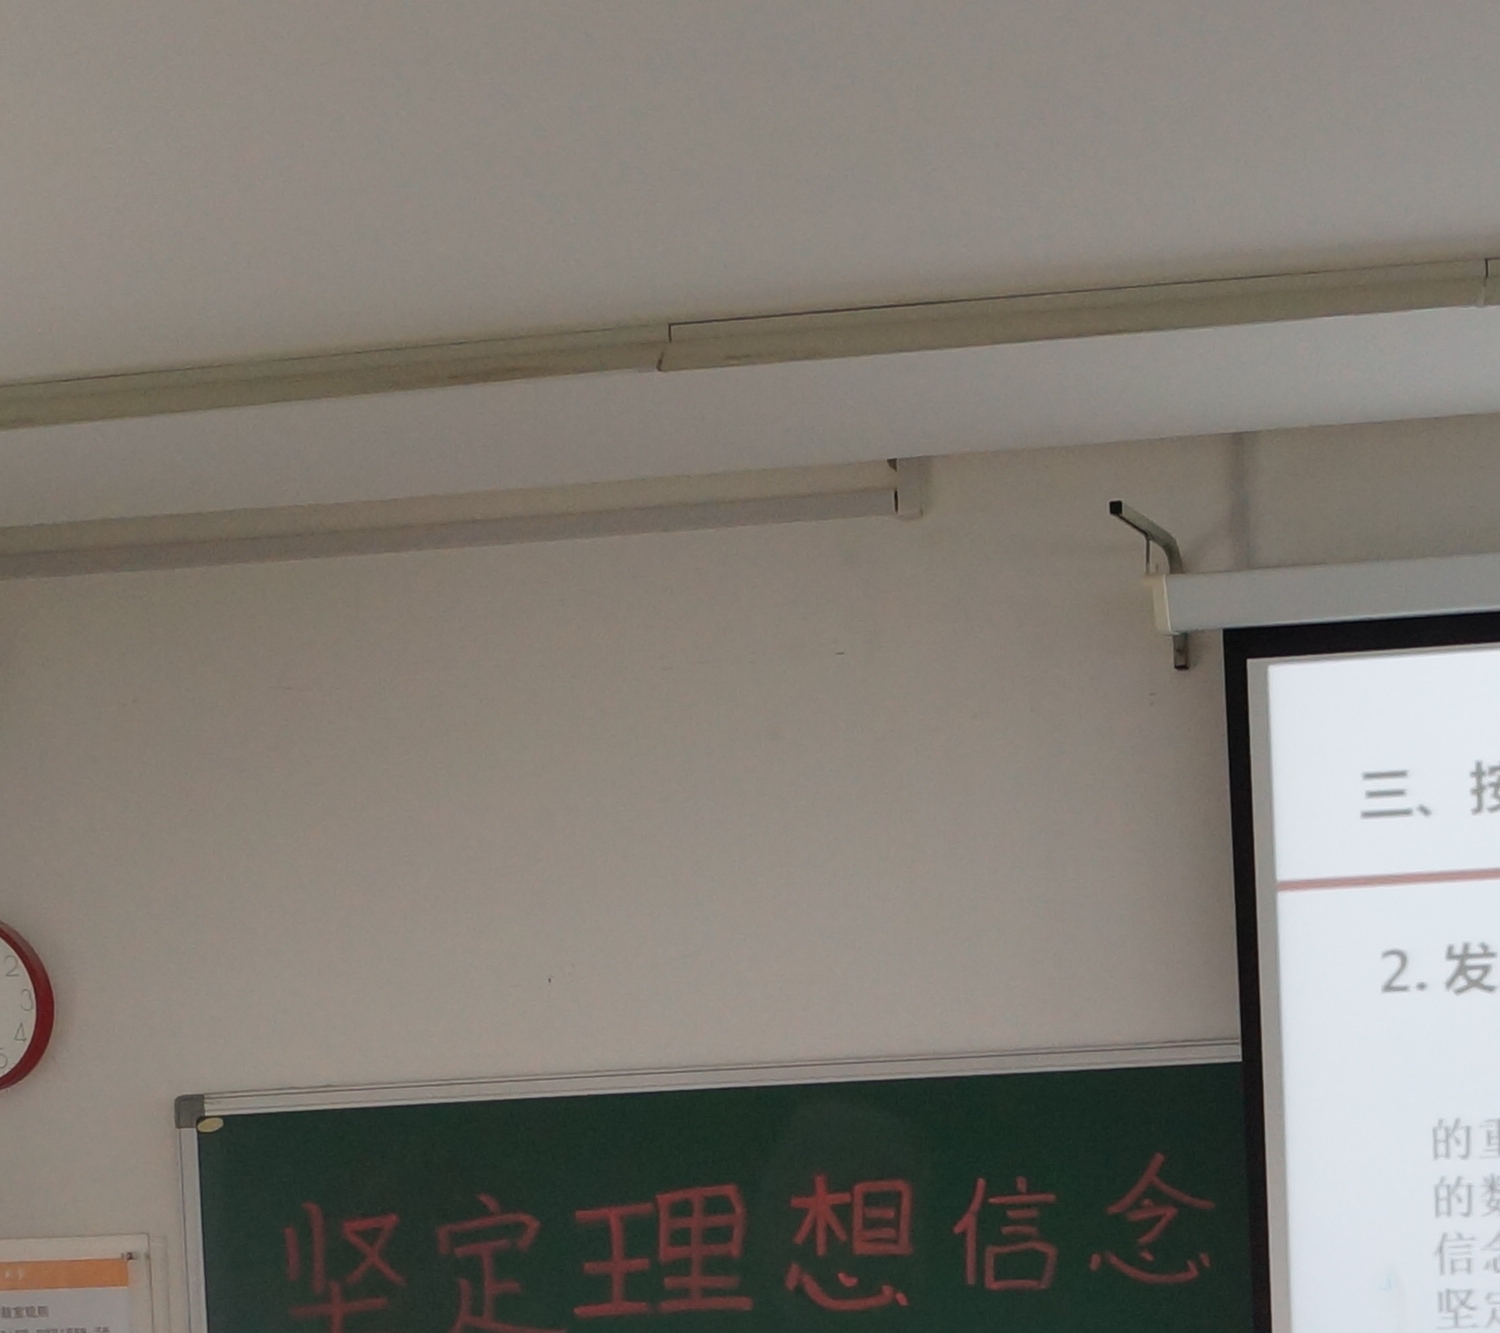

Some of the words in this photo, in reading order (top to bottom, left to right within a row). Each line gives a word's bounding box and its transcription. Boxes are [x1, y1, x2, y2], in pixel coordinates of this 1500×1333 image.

[4, 955, 20, 977] 2
[20, 988, 34, 1012] 3
[13, 1022, 27, 1043] 4
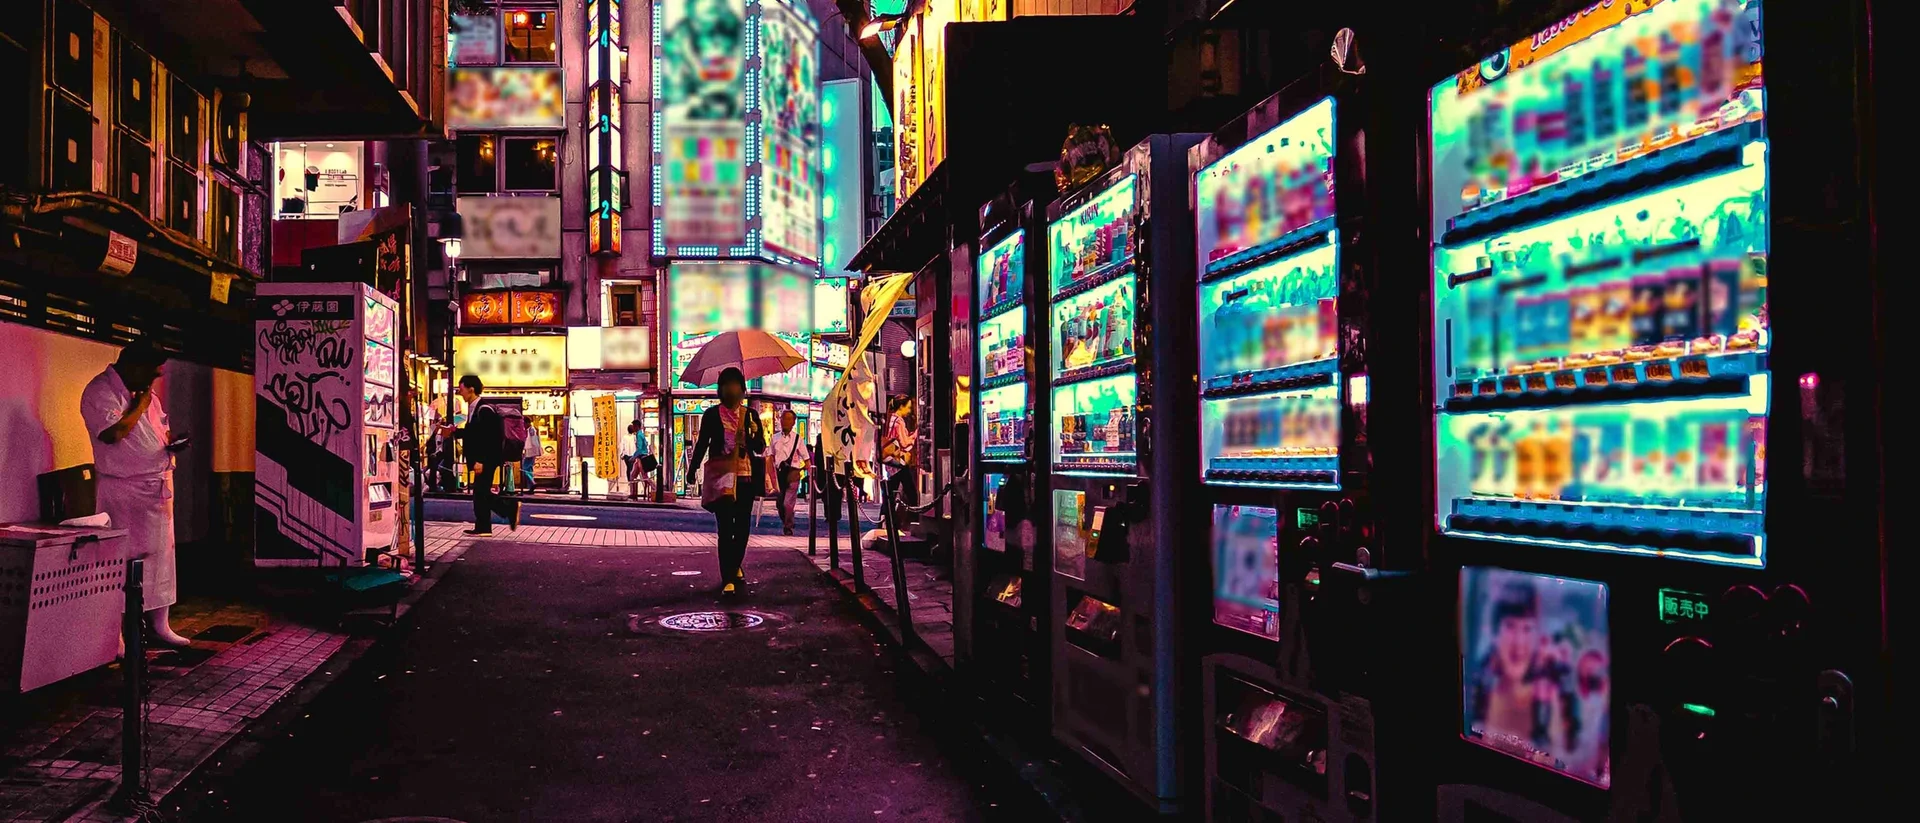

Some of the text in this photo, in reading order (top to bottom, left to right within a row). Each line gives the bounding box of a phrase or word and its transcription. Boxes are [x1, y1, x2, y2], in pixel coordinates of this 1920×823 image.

[601, 30, 609, 48] 4
[601, 115, 609, 133] 3
[601, 200, 609, 219] 2
[297, 301, 339, 313] 伊藤園
[1665, 597, 1709, 620] 販売中

──────

▶ _Your task_:
Will you set down the records word for word while leaving out every picture?

▶ _Response below_:
Some of the words in this photo, in reading order (top to bottom, left to right within a row). Each line gives a word's bounding box and its transcription. Boxes are [x1, y1, x2, y2], in pixel coordinates of this 1500×1333 image.

[4, 955, 20, 977] 2
[20, 988, 34, 1012] 3
[13, 1022, 27, 1043] 4

Some of the text in this photo, in reading order (top to bottom, left to right within a row). Each line gives the bounding box of a phrase or word and its transcription. Boxes are [x1, y1, x2, y2], in pixel coordinates of this 1920×823 image.

[601, 30, 609, 48] 4
[601, 115, 609, 133] 3
[601, 200, 609, 219] 2
[297, 301, 339, 313] 伊藤園
[1665, 597, 1709, 620] 販売中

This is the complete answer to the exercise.